§ **WHAT TO DO**:
Your job is to write out each record precisely as it stands.

§ **MATERIAL PROVIDED**:
╭──

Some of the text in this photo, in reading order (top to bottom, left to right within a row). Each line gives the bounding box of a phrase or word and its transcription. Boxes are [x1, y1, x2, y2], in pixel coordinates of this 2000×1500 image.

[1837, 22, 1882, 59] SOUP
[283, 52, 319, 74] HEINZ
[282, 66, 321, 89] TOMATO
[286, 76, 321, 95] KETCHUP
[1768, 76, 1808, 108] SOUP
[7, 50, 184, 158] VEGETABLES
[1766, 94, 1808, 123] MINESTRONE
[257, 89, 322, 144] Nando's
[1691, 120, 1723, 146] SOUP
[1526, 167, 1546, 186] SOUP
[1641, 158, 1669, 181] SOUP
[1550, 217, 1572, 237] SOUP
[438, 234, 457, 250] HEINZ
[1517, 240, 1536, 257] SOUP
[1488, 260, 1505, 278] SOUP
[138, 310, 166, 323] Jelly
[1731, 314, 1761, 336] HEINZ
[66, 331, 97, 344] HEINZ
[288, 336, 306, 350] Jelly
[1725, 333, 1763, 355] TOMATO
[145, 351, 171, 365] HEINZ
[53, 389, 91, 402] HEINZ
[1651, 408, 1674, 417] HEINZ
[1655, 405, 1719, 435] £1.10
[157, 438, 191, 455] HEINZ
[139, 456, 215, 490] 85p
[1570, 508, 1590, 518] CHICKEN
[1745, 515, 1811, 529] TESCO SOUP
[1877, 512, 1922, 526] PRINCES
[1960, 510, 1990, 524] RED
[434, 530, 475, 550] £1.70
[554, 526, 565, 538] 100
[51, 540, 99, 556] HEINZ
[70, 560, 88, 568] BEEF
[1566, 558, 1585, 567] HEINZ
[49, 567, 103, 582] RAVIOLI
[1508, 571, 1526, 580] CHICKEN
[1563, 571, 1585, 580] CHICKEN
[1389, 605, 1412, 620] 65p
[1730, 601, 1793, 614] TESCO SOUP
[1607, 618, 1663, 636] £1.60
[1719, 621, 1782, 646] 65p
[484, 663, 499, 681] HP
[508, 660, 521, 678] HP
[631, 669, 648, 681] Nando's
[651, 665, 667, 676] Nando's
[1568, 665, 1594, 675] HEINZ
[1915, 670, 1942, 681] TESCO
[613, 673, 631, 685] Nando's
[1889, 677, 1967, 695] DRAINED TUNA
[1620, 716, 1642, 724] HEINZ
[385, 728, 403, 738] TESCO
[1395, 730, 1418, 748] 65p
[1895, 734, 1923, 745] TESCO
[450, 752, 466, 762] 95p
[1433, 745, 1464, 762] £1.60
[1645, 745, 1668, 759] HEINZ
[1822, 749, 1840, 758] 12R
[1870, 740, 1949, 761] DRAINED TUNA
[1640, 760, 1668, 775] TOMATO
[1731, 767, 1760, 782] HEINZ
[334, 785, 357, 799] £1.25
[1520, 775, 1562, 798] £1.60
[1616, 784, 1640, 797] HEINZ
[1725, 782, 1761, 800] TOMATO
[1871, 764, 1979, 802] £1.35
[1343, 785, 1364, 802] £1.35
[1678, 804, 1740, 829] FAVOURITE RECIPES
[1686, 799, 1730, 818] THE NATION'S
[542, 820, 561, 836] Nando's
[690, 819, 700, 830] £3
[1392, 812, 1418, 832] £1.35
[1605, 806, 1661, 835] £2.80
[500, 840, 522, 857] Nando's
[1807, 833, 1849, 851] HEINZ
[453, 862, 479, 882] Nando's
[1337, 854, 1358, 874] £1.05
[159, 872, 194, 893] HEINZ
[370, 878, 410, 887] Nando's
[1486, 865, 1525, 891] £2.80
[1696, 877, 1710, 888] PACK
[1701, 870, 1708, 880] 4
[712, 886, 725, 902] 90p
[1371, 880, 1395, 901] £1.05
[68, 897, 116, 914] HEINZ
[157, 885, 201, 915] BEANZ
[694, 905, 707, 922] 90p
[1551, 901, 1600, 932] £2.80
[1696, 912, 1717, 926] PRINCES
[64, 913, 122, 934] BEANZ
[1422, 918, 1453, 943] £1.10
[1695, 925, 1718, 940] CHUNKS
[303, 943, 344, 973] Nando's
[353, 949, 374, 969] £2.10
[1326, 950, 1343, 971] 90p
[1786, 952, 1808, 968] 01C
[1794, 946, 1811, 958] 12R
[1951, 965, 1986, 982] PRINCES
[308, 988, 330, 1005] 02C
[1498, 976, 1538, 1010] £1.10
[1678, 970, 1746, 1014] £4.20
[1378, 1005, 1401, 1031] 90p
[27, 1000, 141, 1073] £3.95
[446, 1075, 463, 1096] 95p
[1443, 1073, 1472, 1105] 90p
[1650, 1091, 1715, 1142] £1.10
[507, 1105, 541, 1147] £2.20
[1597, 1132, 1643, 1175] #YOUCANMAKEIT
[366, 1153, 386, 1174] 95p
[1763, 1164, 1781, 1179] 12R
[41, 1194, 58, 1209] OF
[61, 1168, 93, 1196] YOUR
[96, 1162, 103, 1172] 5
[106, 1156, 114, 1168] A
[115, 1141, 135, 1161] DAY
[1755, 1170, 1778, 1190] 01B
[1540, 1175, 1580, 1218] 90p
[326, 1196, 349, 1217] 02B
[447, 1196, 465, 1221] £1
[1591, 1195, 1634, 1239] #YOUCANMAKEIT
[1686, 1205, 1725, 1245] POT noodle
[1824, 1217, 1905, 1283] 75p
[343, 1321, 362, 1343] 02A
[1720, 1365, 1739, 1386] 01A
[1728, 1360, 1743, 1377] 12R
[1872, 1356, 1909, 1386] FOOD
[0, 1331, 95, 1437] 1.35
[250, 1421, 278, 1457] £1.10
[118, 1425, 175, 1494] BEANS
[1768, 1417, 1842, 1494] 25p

╰──

§ **OUTPUT FOR THIS EXERCISE**:
Some of the text in this photo, in reading order (top to bottom, left to right within a row). Each line gives the bounding box of a phrase or word and its transcription. Boxes are [x1, y1, x2, y2], in pixel coordinates of this 2000×1500 image.

[1837, 22, 1882, 59] SOUP
[283, 52, 319, 74] HEINZ
[282, 66, 321, 89] TOMATO
[286, 76, 321, 95] KETCHUP
[1768, 76, 1808, 108] SOUP
[7, 50, 184, 158] VEGETABLES
[1766, 94, 1808, 123] MINESTRONE
[257, 89, 322, 144] Nando's
[1691, 120, 1723, 146] SOUP
[1526, 167, 1546, 186] SOUP
[1641, 158, 1669, 181] SOUP
[1550, 217, 1572, 237] SOUP
[438, 234, 457, 250] HEINZ
[1517, 240, 1536, 257] SOUP
[1488, 260, 1505, 278] SOUP
[138, 310, 166, 323] Jelly
[1731, 314, 1761, 336] HEINZ
[66, 331, 97, 344] HEINZ
[288, 336, 306, 350] Jelly
[1725, 333, 1763, 355] TOMATO
[145, 351, 171, 365] HEINZ
[53, 389, 91, 402] HEINZ
[1651, 408, 1674, 417] HEINZ
[1655, 405, 1719, 435] £1.10
[157, 438, 191, 455] HEINZ
[139, 456, 215, 490] 85p
[1570, 508, 1590, 518] CHICKEN
[1745, 515, 1811, 529] TESCO SOUP
[1877, 512, 1922, 526] PRINCES
[1960, 510, 1990, 524] RED
[434, 530, 475, 550] £1.70
[554, 526, 565, 538] 100
[51, 540, 99, 556] HEINZ
[70, 560, 88, 568] BEEF
[1566, 558, 1585, 567] HEINZ
[49, 567, 103, 582] RAVIOLI
[1508, 571, 1526, 580] CHICKEN
[1563, 571, 1585, 580] CHICKEN
[1389, 605, 1412, 620] 65p
[1730, 601, 1793, 614] TESCO SOUP
[1607, 618, 1663, 636] £1.60
[1719, 621, 1782, 646] 65p
[484, 663, 499, 681] HP
[508, 660, 521, 678] HP
[631, 669, 648, 681] Nando's
[651, 665, 667, 676] Nando's
[1568, 665, 1594, 675] HEINZ
[1915, 670, 1942, 681] TESCO
[613, 673, 631, 685] Nando's
[1889, 677, 1967, 695] DRAINED TUNA
[1620, 716, 1642, 724] HEINZ
[385, 728, 403, 738] TESCO
[1395, 730, 1418, 748] 65p
[1895, 734, 1923, 745] TESCO
[450, 752, 466, 762] 95p
[1433, 745, 1464, 762] £1.60
[1645, 745, 1668, 759] HEINZ
[1822, 749, 1840, 758] 12R
[1870, 740, 1949, 761] DRAINED TUNA
[1640, 760, 1668, 775] TOMATO
[1731, 767, 1760, 782] HEINZ
[334, 785, 357, 799] £1.25
[1520, 775, 1562, 798] £1.60
[1616, 784, 1640, 797] HEINZ
[1725, 782, 1761, 800] TOMATO
[1871, 764, 1979, 802] £1.35
[1343, 785, 1364, 802] £1.35
[1678, 804, 1740, 829] FAVOURITE RECIPES
[1686, 799, 1730, 818] THE NATION'S
[542, 820, 561, 836] Nando's
[690, 819, 700, 830] £3
[1392, 812, 1418, 832] £1.35
[1605, 806, 1661, 835] £2.80
[500, 840, 522, 857] Nando's
[1807, 833, 1849, 851] HEINZ
[453, 862, 479, 882] Nando's
[1337, 854, 1358, 874] £1.05
[159, 872, 194, 893] HEINZ
[370, 878, 410, 887] Nando's
[1486, 865, 1525, 891] £2.80
[1696, 877, 1710, 888] PACK
[1701, 870, 1708, 880] 4
[712, 886, 725, 902] 90p
[1371, 880, 1395, 901] £1.05
[68, 897, 116, 914] HEINZ
[157, 885, 201, 915] BEANZ
[694, 905, 707, 922] 90p
[1551, 901, 1600, 932] £2.80
[1696, 912, 1717, 926] PRINCES
[64, 913, 122, 934] BEANZ
[1422, 918, 1453, 943] £1.10
[1695, 925, 1718, 940] CHUNKS
[303, 943, 344, 973] Nando's
[353, 949, 374, 969] £2.10
[1326, 950, 1343, 971] 90p
[1786, 952, 1808, 968] 01C
[1794, 946, 1811, 958] 12R
[1951, 965, 1986, 982] PRINCES
[308, 988, 330, 1005] 02C
[1498, 976, 1538, 1010] £1.10
[1678, 970, 1746, 1014] £4.20
[1378, 1005, 1401, 1031] 90p
[27, 1000, 141, 1073] £3.95
[446, 1075, 463, 1096] 95p
[1443, 1073, 1472, 1105] 90p
[1650, 1091, 1715, 1142] £1.10
[507, 1105, 541, 1147] £2.20
[1597, 1132, 1643, 1175] #YOUCANMAKEIT
[366, 1153, 386, 1174] 95p
[1763, 1164, 1781, 1179] 12R
[41, 1194, 58, 1209] OF
[61, 1168, 93, 1196] YOUR
[96, 1162, 103, 1172] 5
[106, 1156, 114, 1168] A
[115, 1141, 135, 1161] DAY
[1755, 1170, 1778, 1190] 01B
[1540, 1175, 1580, 1218] 90p
[326, 1196, 349, 1217] 02B
[447, 1196, 465, 1221] £1
[1591, 1195, 1634, 1239] #YOUCANMAKEIT
[1686, 1205, 1725, 1245] POT noodle
[1824, 1217, 1905, 1283] 75p
[343, 1321, 362, 1343] 02A
[1720, 1365, 1739, 1386] 01A
[1728, 1360, 1743, 1377] 12R
[1872, 1356, 1909, 1386] FOOD
[0, 1331, 95, 1437] 1.35
[250, 1421, 278, 1457] £1.10
[118, 1425, 175, 1494] BEANS
[1768, 1417, 1842, 1494] 25p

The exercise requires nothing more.